Mary Lou McDonald has rejected suggestions that the party's position on a border poll has been inconsistent.

In July, the Sinn Féin leader said a referendum on Irish unity should not be held while uncertainty around Brexit remained.

But within 24 hours of her initial statement, the Dublin Central TD said her party wanted a border poll "as soon as possible" and that it should not be delayed by the "chaos of the Tory Brexit".

The sudden U-turn drew criticism from opponents who suggested Ms McDonald had been leaned on by senior backroom figures in Sinn Féin.

When quizzed yesterday, the party president insisted that her position had been consistent.

Speaking to RTÉ from the Sinn Féin 'think-in' in Co Cavan, Ms McDonald denied that she flip-flopped on the matter.

She said the two statements were "hardly a reversal" and that her party had always advocated a united Ireland.

"I have consistently said that a chaotic or crash Brexit is not the ideal acoustic – it's not the ideal background noise for what needs to be a very reasoned, respectful debate," she said.

"However, if the British government insist on crashing out of the European Union there will have to be a referendum on the union because the British could not inflict that level of jeopardy and damage on this country and imagine they would not put the constitutional question."

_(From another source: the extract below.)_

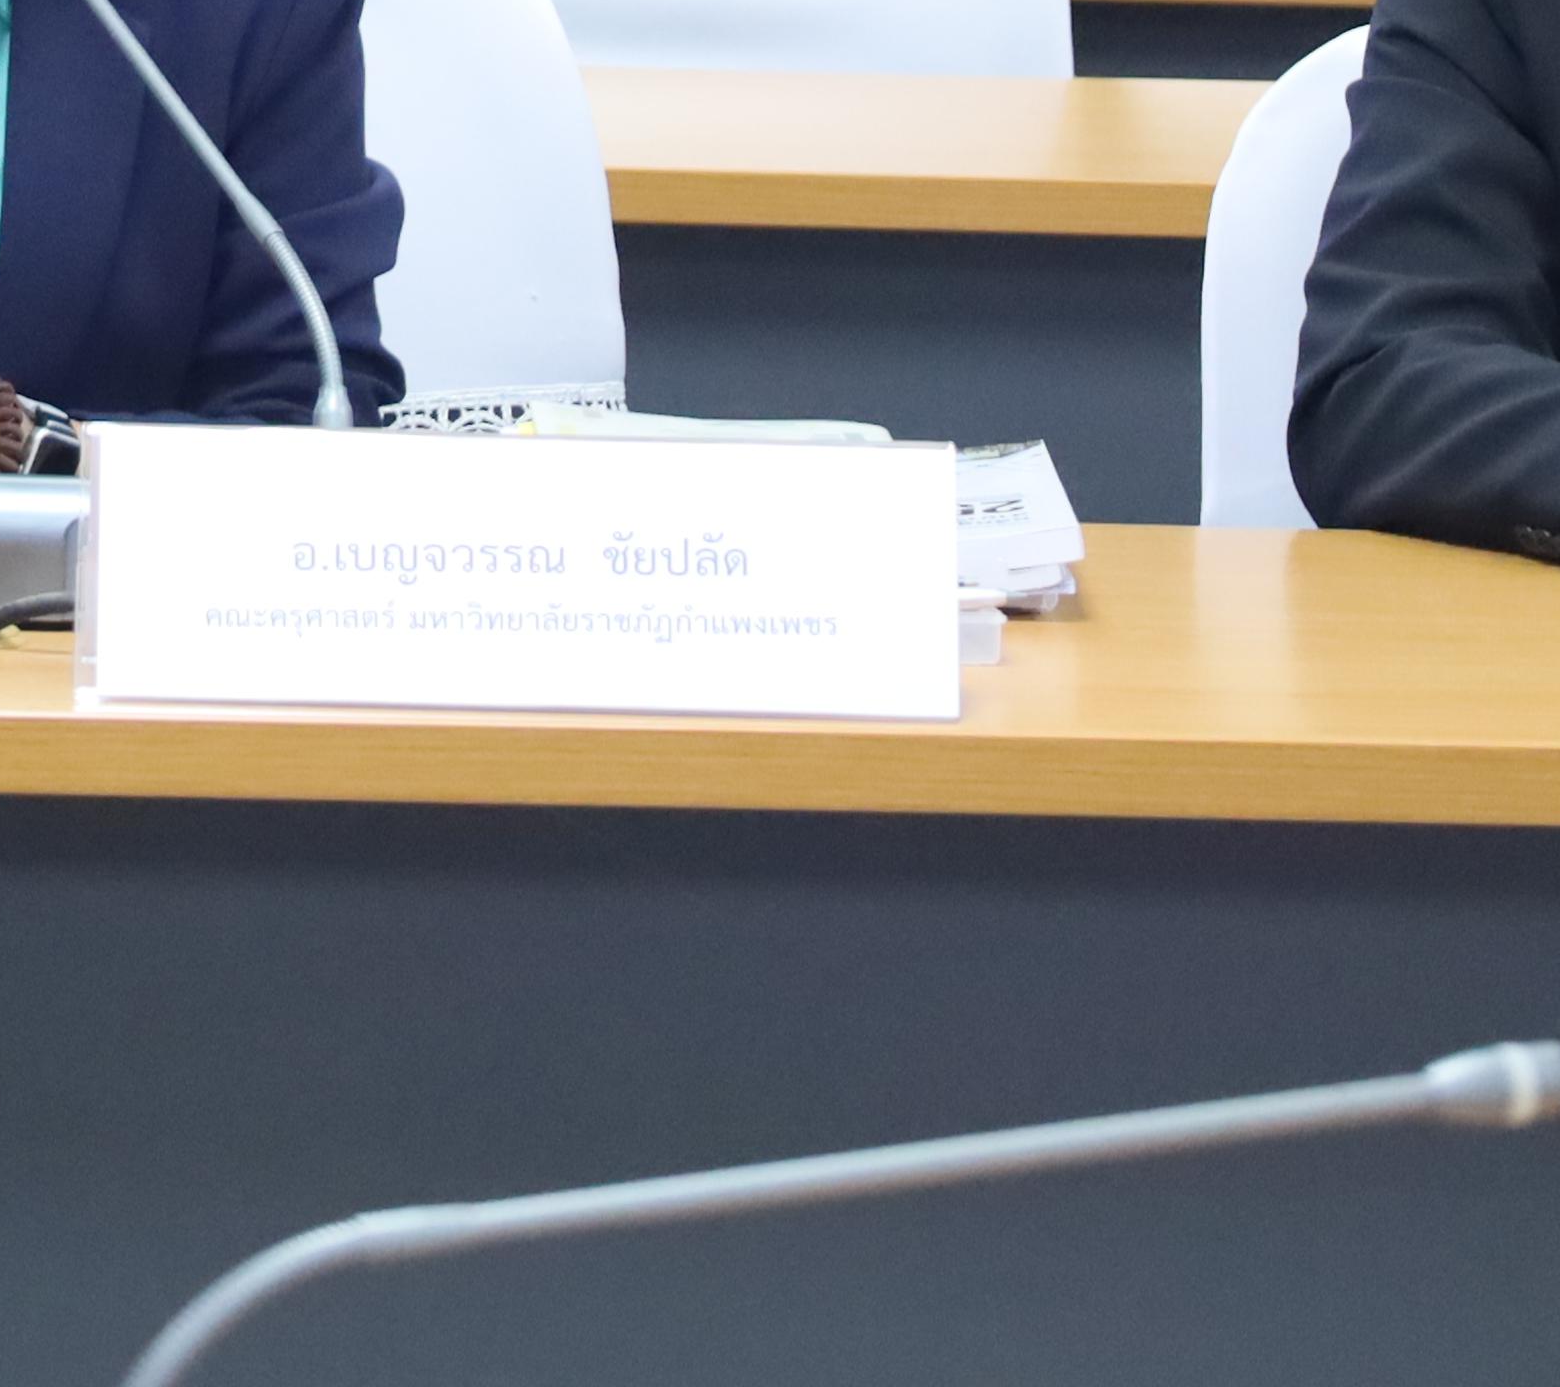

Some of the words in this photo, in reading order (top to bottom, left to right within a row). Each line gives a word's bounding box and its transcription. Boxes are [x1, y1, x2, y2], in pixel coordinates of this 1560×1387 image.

[292, 540, 566, 586] อ.เบญจวรรณ
[602, 530, 750, 577] ชัยปลัด
[205, 599, 396, 638] คณะครุศาสตร์
[408, 601, 839, 644] มหาวิทยาลัยราชภัฏกำแพงเพชร

Ms McDonald denied the suggestion that she had been "nobbled" or forced to qualify the party's position.

She repeated that she did not want a border poll in the context of a "crash Brexit" because that would be "bad for Ireland north and south".

Meanwhile, an internal Sinn Féin document has revealed that thousands of public sector jobs could be lost in the event of a united Ireland.

An internal party paper says reunification will "of course" lead to "efficiencies in public services" as government agencies north and south merge.

The draft document entitled 'Irish Unity - An Activist's Guide' sets out a series of questions and answers under a heading 'How to have a conversation about Irish unity'.

While conceding that jobs will be shed as duplicated services are consolidated, the document argues: "Irish unity creates the potential to address these shortcomings in public services, ensuring that we can deliver better outcomes to communities and families as well as benefit from the elimination of duplication. Public sector planning is one of the pieces of work that needs to start now."

The paper also contests that there will be extra taxes to replace the multi-billion subsidy the north receives every year as "increase in economic growth post-unity, the need for any subvention, would disappear".